New Year’s has just passed. Now imagine your next ten years. Will you sport an Indie 500 pinup body or a Papa John’s Pizza belly?
I’m a fan of Danica Patrick. Her abs, that is. Okay, and her racing.
Papa loves races. He buys sports cars, tweaking mufflers so they rev with “bite.” He even took me to the Indie 500 when I was a tot. As for Danica Patrick, Papa won’t comment on her abs, but he might collect her calendars—the ones with red corvettes, not dung-powered eco cars.
Besides Danica’s abs, I admire her diet—the one she suggests in her fitness book titled Pretty Intense. Diet like Danica to rev a sleek internal engine.
Unlike Danica, I dined out nightly, snacking like Rosie O’Donnell and Michael Moore on bottomless plate-dates. My former colleague, a Rosie lookalike, warned me that dining out bulges butts and bellies. She slipped me lists of superfoods. Heeding her advice, I sipped carrot juice instead of cola. I also stocked Kmart sweaters—for men—that fit me twenty pounds both ways. And crossed my fingers.
Within a year, I got skinny—unhealthy skinny. I drank sugary teas and nibbles of fats, failing to get fit. My staples? Sausage, cheese, cheerios. Steadily, I grew tired and nauseous. I felt so sick I couldn’t read. I couldn’t eat. I couldn’t keep my eyes open. Instead, I whimpered while peering into the potty.
My doctor warned, “Change your diet and get fit.” Everyone respects doctor’s orders, right? Surprisingly, the doctor’s orders didn’t dullen life. No. The doctor thumbed-up playtime: I finessed my fitness routine with twice-a-day training and Brazilian butt cooldowns. Plus, I plan to rekindle my passion for cycling starting springtime.
And I now devour super-foods. Breakfasts of bran, banana, and soy taste better than DQ. Dinners of spinach, yam, and kidney beans—with dabs of hot sauce—taste better than Papa John’s Pizza pie.
Thanks to fitness and raw foods, I halted my hurls and sleep-a-thons. Oodles of medical tests revealed only healthy organs. My self-diagnosis? Prediabetes. Or chronic fatigue syndrome. Or, worse, hypochondria. All reversed.

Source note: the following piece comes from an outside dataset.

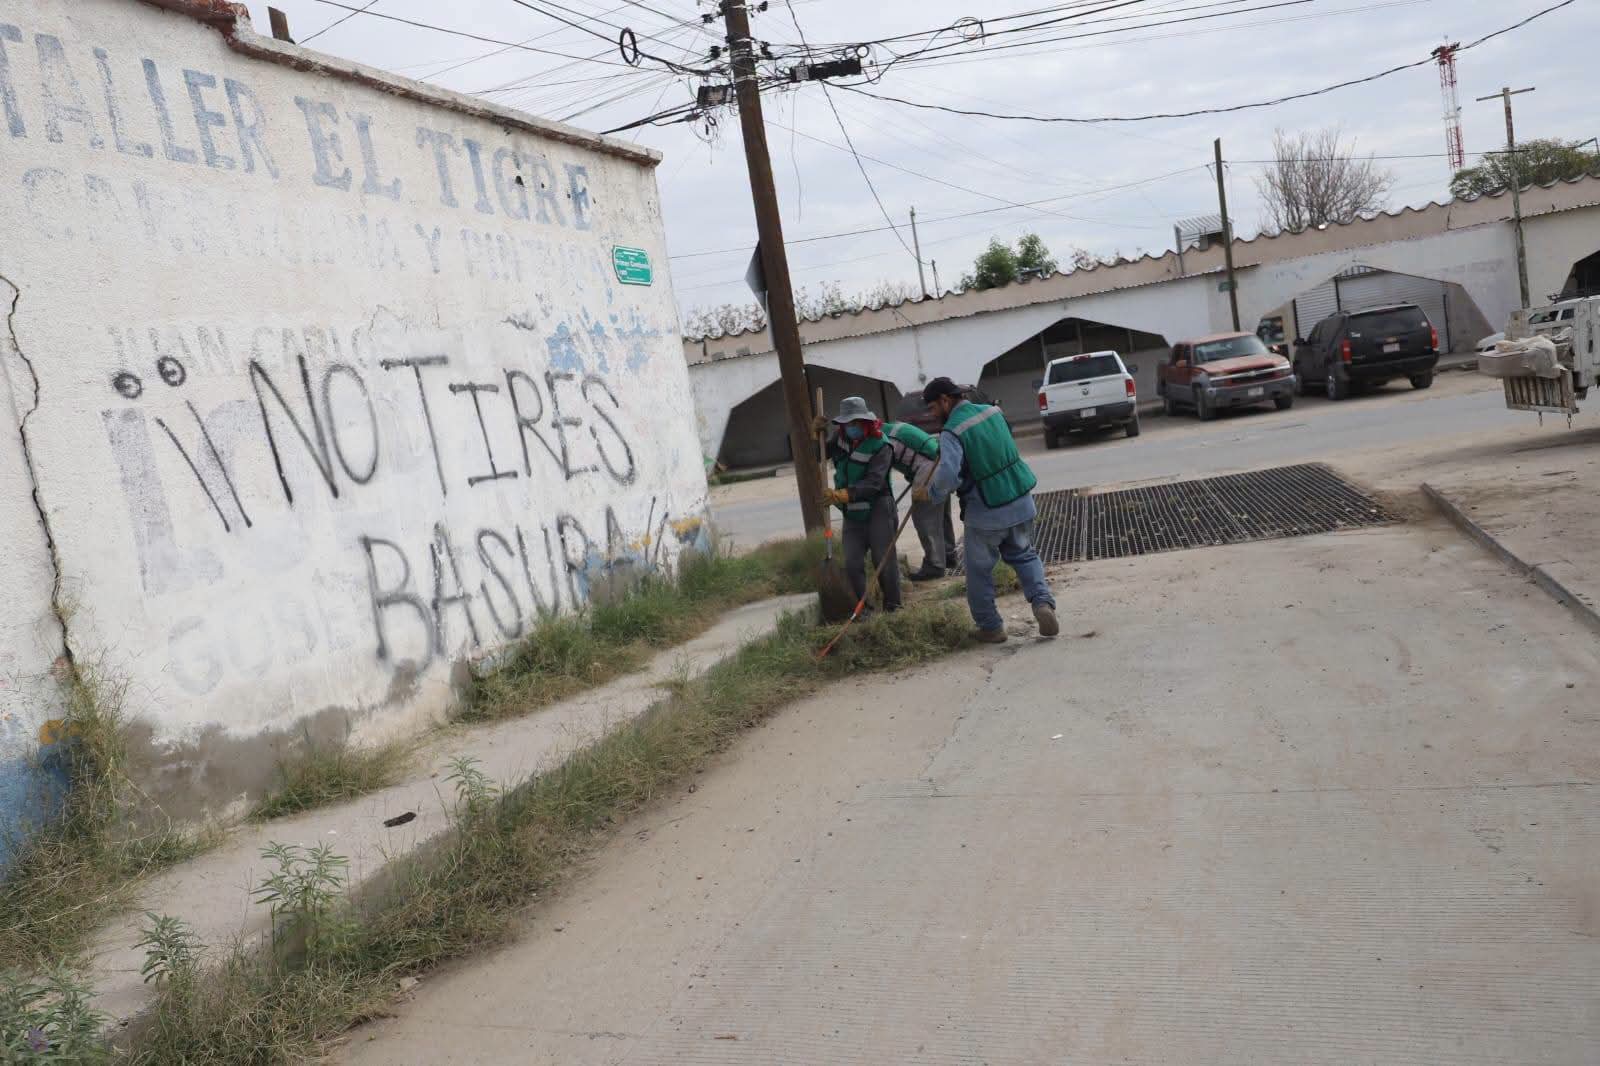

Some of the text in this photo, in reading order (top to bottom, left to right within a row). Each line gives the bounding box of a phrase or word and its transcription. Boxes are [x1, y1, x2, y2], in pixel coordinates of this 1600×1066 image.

[0, 23, 280, 179] TALLER
[294, 96, 401, 201] EL
[416, 126, 593, 231] TIGRE
[379, 353, 637, 498] TIRES

But back to Danica’s abs. My two favorite tricks to gaining a Danica bod? First, download the Cronometer app—to chart calories and nutrients. Second, download the Fitify apps—to sculpt Danica abs, Brazilian butts, and more.

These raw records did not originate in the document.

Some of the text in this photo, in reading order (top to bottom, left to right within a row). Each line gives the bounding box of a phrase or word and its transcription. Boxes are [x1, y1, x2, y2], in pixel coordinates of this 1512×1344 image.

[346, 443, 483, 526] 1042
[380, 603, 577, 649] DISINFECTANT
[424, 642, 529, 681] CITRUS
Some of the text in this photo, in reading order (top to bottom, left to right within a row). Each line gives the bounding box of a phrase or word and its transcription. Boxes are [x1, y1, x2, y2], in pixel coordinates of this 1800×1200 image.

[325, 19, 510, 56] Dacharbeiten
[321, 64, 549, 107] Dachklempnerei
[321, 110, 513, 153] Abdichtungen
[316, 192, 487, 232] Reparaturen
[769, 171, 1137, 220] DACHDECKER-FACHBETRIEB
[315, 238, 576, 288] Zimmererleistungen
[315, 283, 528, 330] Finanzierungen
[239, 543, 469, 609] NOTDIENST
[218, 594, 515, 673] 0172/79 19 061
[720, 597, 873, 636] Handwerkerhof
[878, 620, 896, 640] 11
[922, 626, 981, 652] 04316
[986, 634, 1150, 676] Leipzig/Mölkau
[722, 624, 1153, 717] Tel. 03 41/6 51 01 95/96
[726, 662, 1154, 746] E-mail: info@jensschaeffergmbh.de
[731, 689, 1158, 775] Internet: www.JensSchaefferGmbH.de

Oh and third, get a gym membership—renewed every year until you die.
Or better yet, diet like Danica. Danica Patrick and Stephen Perrins show how to get Danica’s diet in their book titled Pretty Intense:
- Healthy home cooking dwindles flab: “Learn to cook at home. You can lay the foundation for the body you want in the gym, but no amount of intensity is going to overcome a poor diet” (p. 170).

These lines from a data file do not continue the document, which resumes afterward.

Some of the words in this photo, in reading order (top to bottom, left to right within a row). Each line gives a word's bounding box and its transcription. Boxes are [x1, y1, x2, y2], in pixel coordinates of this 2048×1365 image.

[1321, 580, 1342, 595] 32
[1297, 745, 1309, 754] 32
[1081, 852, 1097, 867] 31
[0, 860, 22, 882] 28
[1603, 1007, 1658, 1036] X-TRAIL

- Don’t dine out; restaurants make your belly like butter: “Restaurant food all tastes the same because most restaurants use the exact same tricks: fat, salt, and sugar” (p. 170).
- Cooking at home fosters fit abs; dining out fattens guts: “Here’s the difference between cooking at home versus eating out at one of these popular restaurants … [First, homemade] grilled chicken breast with green salad [has] … 465 calories … 9 g fat … 100 mg sodium. [Second, restaurant-made] boneless buffalo chicken salad [has] … 1020 calories … 72 g fat … 3480 mg sodium” (p. 171). Eat at home! If you dine out on chicken salad coupled with a whipped cream latte, then one bit more turns midriffs into muffins.
- Smarten up in the kitchen: instead of dining out, “use cookbooks …. watch cooking shows …. take cooking classes” (p. 172-173).
- Slather your food with spices—spices tease taste buds, cutting down the need for salt: “Spices improve your health by making real food taste better, but they also have specific benefits of their own … [such as the ability to] cut … sodium use by an average of almost 1000 milligrams a day” (p. 179).
The New Year’s here. Now hide your salt shakers, stick to home-cooked, and seek out Danica vintage calendars.
Danica’s Christmas calendars won’t sport her in curlers, puffing Player’s Light, whimpering while peering into a potty. Not unless Papa John’s Pizza sponsors her Christmas campaigns.